Türkiye’nin içte ve dışta gerçekleştirdiği reform sayılabilecek düzeydeki değişiklikler ve ekonomik alanda sağladığı kazanımlar, ülkemizi batının doğudaki ileri bir karakolu olma durumundan hızla uzaklaştırmaktadır. Türkiye 2. Körfez savaşının başlangıcında T.B.M.M nin verdiği o meşhur ve üzerinde çok tartışılan demokratik kararla ileriye dönük niyetini belli etmiş ve milli iradeye ait olan bu kararın bizzat hükümet tarafından eksiksiz ve ödünsüz uygulanmasıyla yolunu çizmiştir. Geçen sekiz yıl boyunca Türkiye, Ortadoğu, Kafkaslar, Orta Asya ve Balkanlarda yani birinci derecede yakın kara parçalarında gitgide daha aktif, daha müdahil ve daha bağımsız dış politika izlemiştir.

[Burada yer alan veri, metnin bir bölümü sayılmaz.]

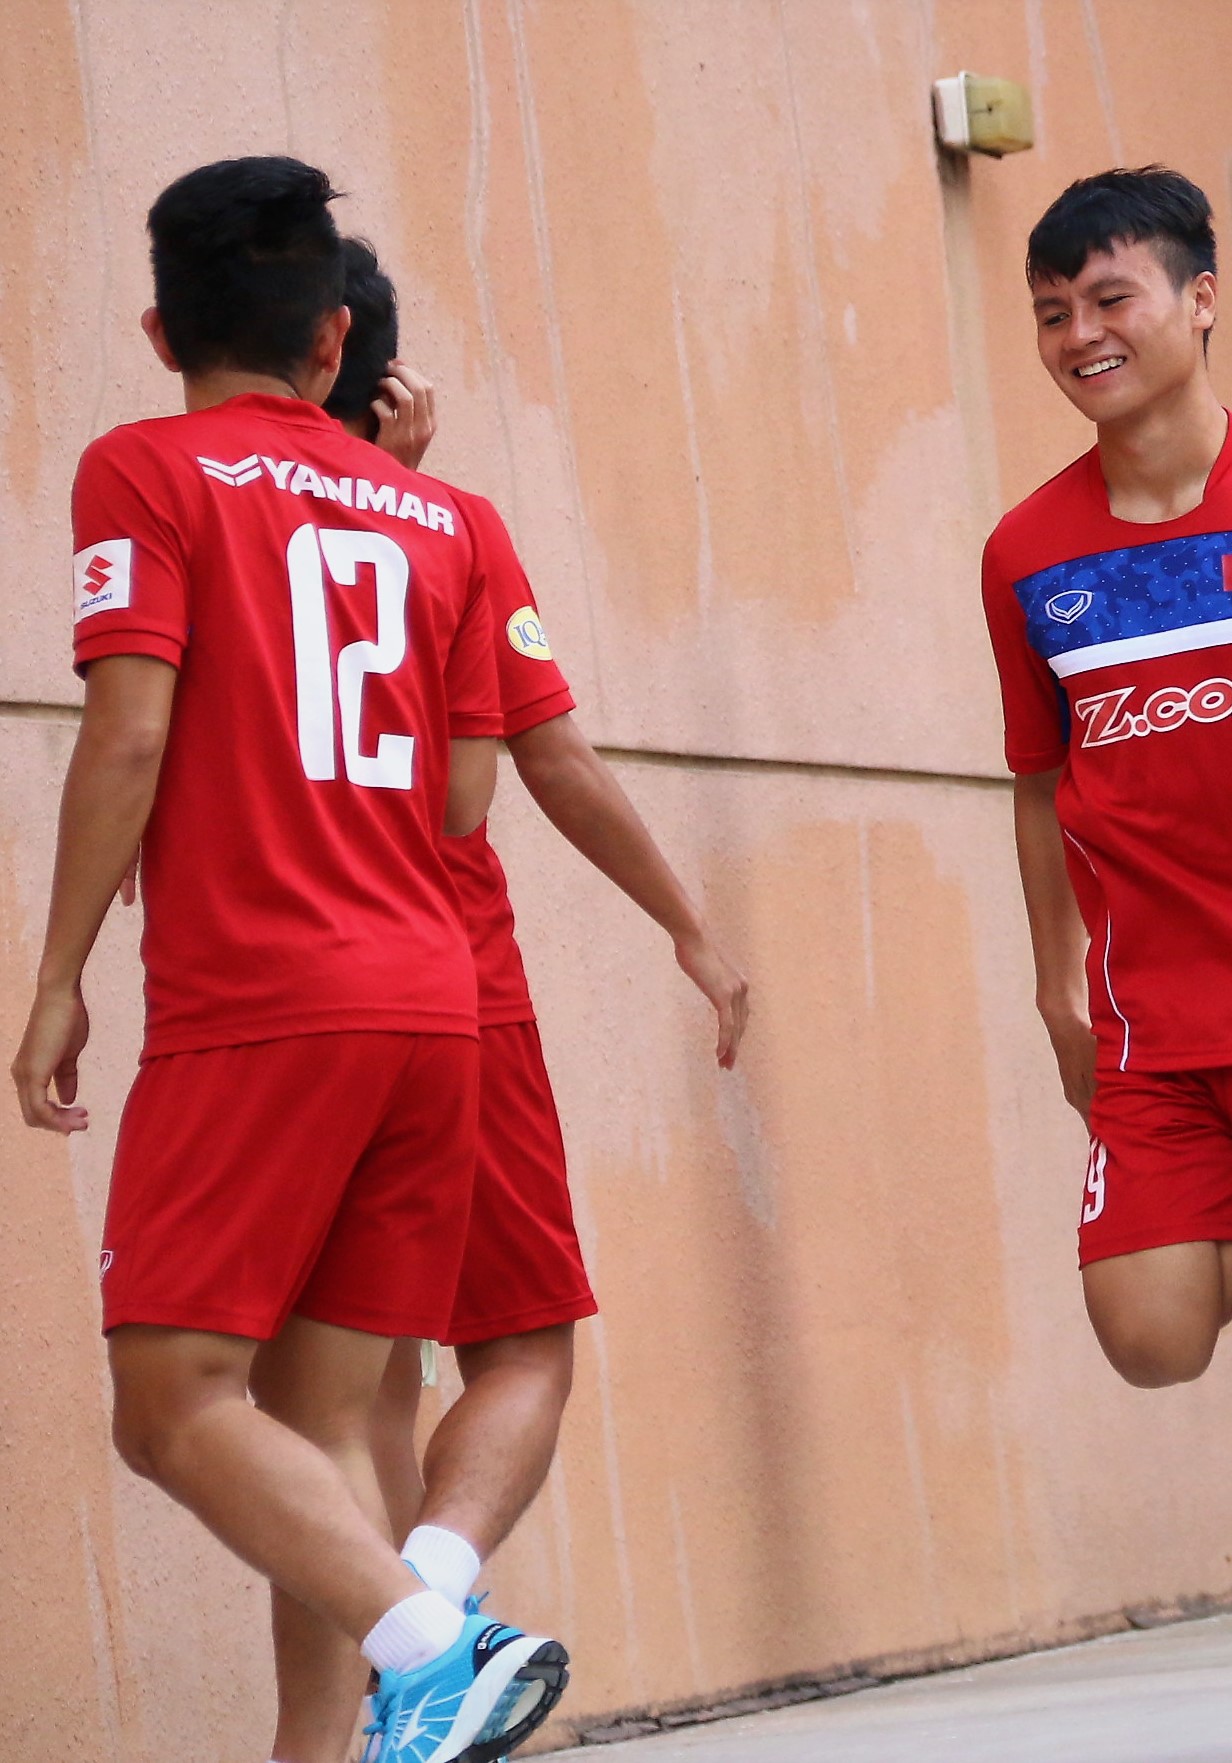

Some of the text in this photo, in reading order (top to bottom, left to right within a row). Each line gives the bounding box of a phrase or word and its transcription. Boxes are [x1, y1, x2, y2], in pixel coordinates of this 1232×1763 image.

[260, 455, 455, 537] YANMAR
[80, 591, 113, 609] SUZUKI
[286, 523, 415, 791] 12
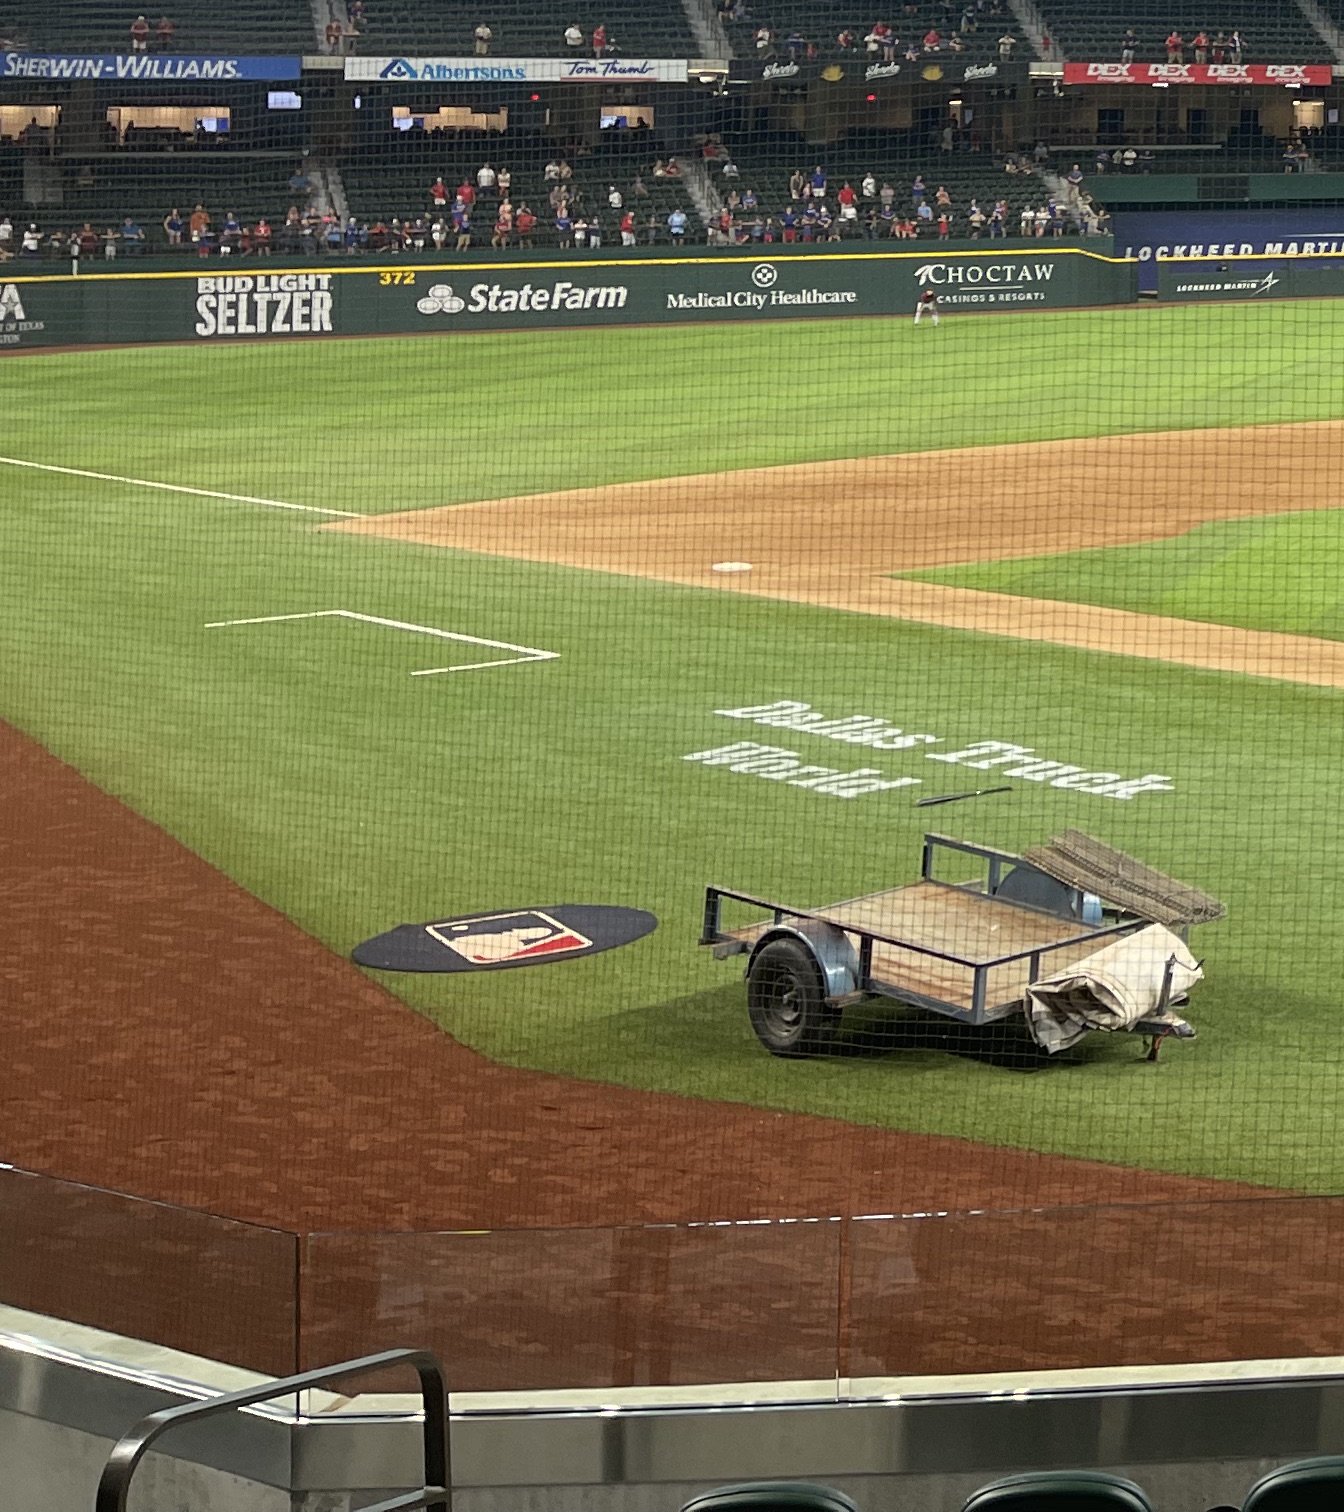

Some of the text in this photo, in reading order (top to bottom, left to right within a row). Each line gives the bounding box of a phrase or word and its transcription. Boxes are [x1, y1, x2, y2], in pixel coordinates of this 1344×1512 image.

[421, 59, 655, 81] Albertsons Tom Thumb
[1087, 63, 1132, 77] DEX
[1148, 63, 1192, 77] DEX
[1207, 64, 1250, 78] DEX
[1265, 64, 1307, 78] DEX
[198, 273, 331, 294] BUD LIGHT
[379, 271, 416, 285] 372
[927, 263, 1054, 284] CHOCTAW
[667, 289, 857, 310] Medical City Healthcare
[999, 291, 1045, 303] RESORTS
[195, 291, 333, 337] SELTZER
[713, 700, 1175, 799] Dallas Truck
[681, 741, 922, 798] World

Her ne kadar dış politikanın izlenmesindeki esaslar, hemen her bir ülke için değişmez ana ölçülere dayansa da, Türkiye Erdoğan hükümeti ile bu ölçülere adalet ve hakkaniyeti de bir temel olarak eklemeyi, önemli bir esas ve bu değerleri dünya barışının daha güçlü bir şekilde savunulması ve gerçekleştirilmesinde, hassas bir kriter olarak kabul etmeyi uygun görmüştür.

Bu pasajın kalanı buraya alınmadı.